Bear was beginning to feel the pain in his arms at this time. Less than a month later he finds out it was NOT a pinched nerve but cancer returning.

CANCER.

and now I'll never have another BBQ / Balloon release.

Ever.

10 comments:

Allison said...

Again, I'm super sorry I couldn't come. We went to Halifax to visit my best friend. Even if we hadn't gone out of town, Art still would have ended up in the hospital having his appendix taken out (which probably would have been better because maybe he wouldn't have gotten all chopped up inside and spent another two weeks in the hospital afterward!)

I didn't miss the other two Angel Days. I was there. I would have come last year too if we didn't go on that trip (which was not when I wanted to go but when Art could get time off work.)

If I had been the only one who came would things have been different? Would you have another celebration this year? If the answer to that is yes, then I'll be there this year, all four of us. We'll have a huge party.

HUGS

my3sons said...

I am so sorry! I am sad hearing that. Do you have any family near you? I can't imagine them not coming. I'm so sorry that you have had to endure all of this heartache.

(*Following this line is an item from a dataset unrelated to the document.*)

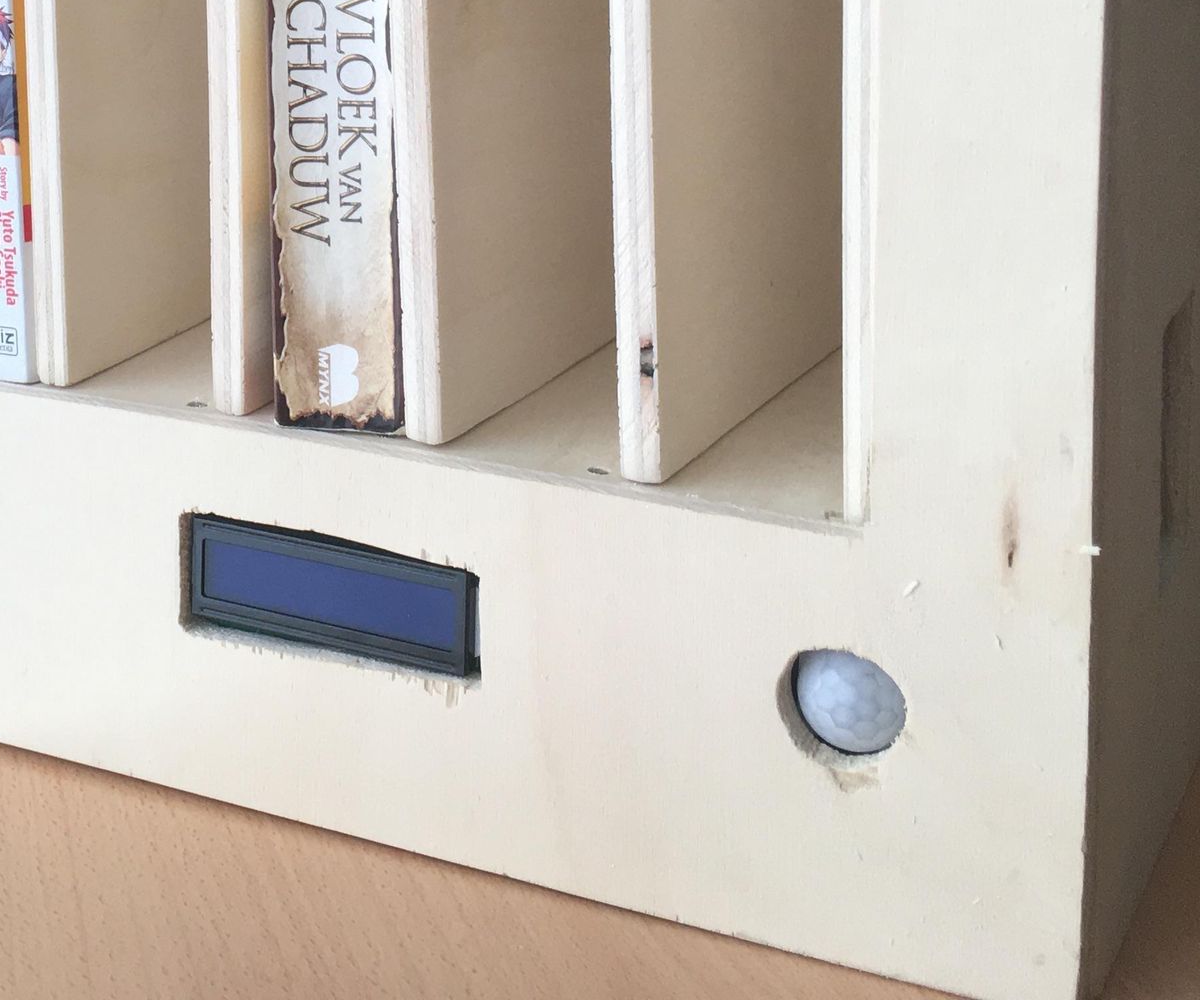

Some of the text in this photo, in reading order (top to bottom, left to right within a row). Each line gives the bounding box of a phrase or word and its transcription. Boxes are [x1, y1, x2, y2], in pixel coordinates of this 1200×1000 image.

The Fabulous Ms. Beth said...

(hugs)

Anonymous said...

(hugs)

A Bear and His Honey said...

Well, not everyone had a real excuse Alli. Most of them just decided they weren't coming.

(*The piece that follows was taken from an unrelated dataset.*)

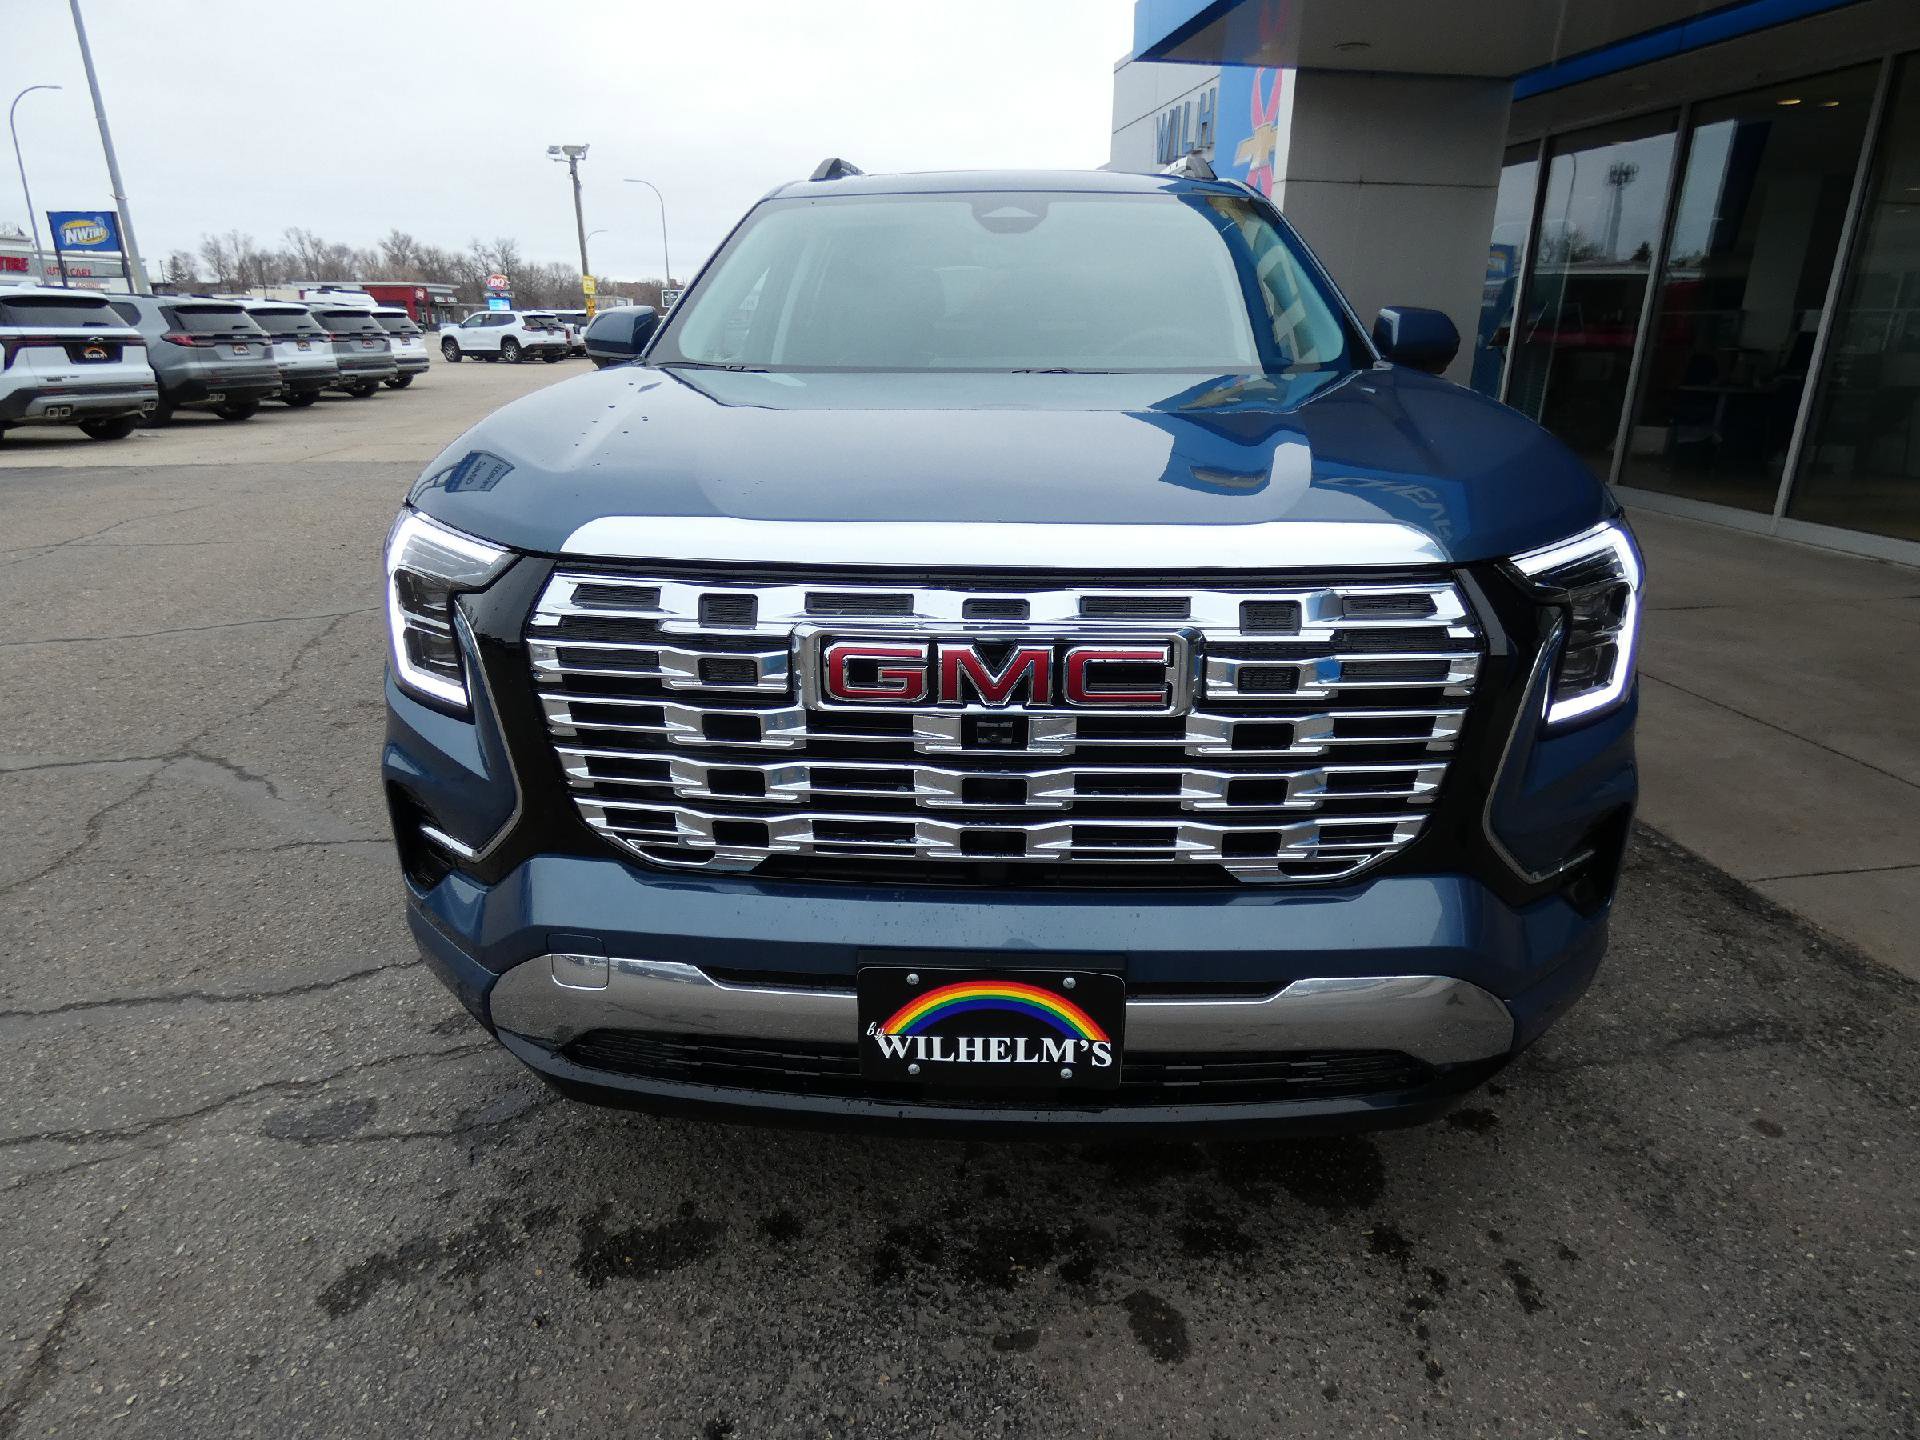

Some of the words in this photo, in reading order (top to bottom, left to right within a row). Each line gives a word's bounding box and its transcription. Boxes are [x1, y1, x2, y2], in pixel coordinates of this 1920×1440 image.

[824, 641, 1170, 707] GMC
[866, 1021, 886, 1039] by
[877, 1034, 1113, 1067] WILHELM'S

My3sons, yeah most of our family live within 3 hours of here, and no one came. not one person. It was really difficult.

I'm just being reminded of this as I am seeing my garden come back. it's something we go through every year.

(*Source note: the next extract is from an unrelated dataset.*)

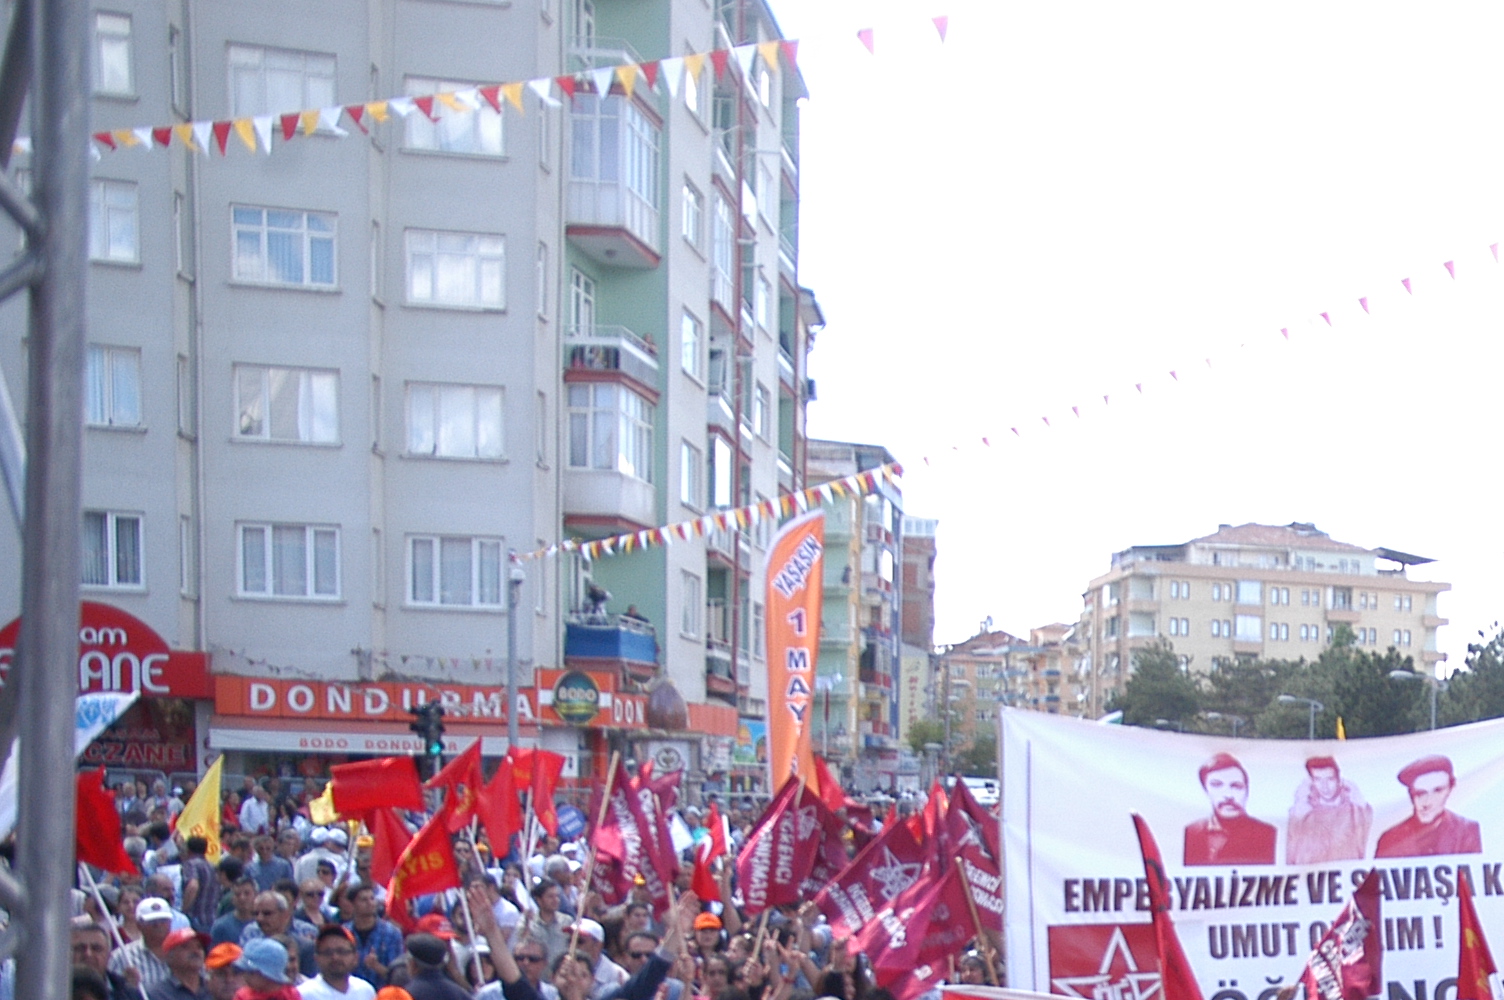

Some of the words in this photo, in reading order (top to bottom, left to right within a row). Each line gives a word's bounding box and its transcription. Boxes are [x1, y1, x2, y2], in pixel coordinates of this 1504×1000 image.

No I am not planning a BBQ this year. I will probably make a cake anyway though usually Bear made the cake and I decorated it. I will have to do both parts this year. We talked about how we hoped this year the cake would be a bear holding a rainbow. Those who have lost a baby will know the significance of a rainbow. But obviously that won't happen this year, or ever.

I won't plan anything because no one will come. If people surprise me and show up then great. But I'm not putting my effort into it just to be disappointed again.

People always have to work, or they schedule their vacations knowing that it's the same week every year. We got married July 26, babybear died july 22, born july 25, it's the last week of july every year.

Yes I know everyone has their lives, but it just seems so convienent that not one single person was able to come last year. Truth is I know for a fact that some people did not want to come.

Anyway, hopefully by then I'll be with my bear and babybear. oh I do not want to live through another birthday without her.

A Bear and His Honey said...

oh, and you know people think we do this just for babybear, but before we moved into our house we always planned to have a BBQ every summer and invite everyone we knew and why not then, it's our anniversary anyway, so it's something we would have done anyway, not just because our baby died.

Sarah said...

(hugs) it really bites that people didn't show. i really wish we could have come up there. i really do. and i wish we could come up this year but we won't be able to and i don't think it'd be the best for you with having a baby at that time.
but i promise you, when you are ready for it and we can make it work, we WILL be there for you at the end of july. we will laugh and cry and talk about everything.
((((((hugs)))))))

Caitlin said...

I can't believe that no one came?! That is horrible! I am so sorry.

momtimes4 said...

I'm so sorry that the last of Tyla's birthday/angelday "celebrations" that you spent with Bryan was even more sad than it had to be. I can't imagine how much everyone who loves Bryan must regret missing that day, knowing now that they can never make up for that, never spend another afternoon with him. ((hugs))

A Bear and His Honey said...

it was also our 5th wedding anniversary.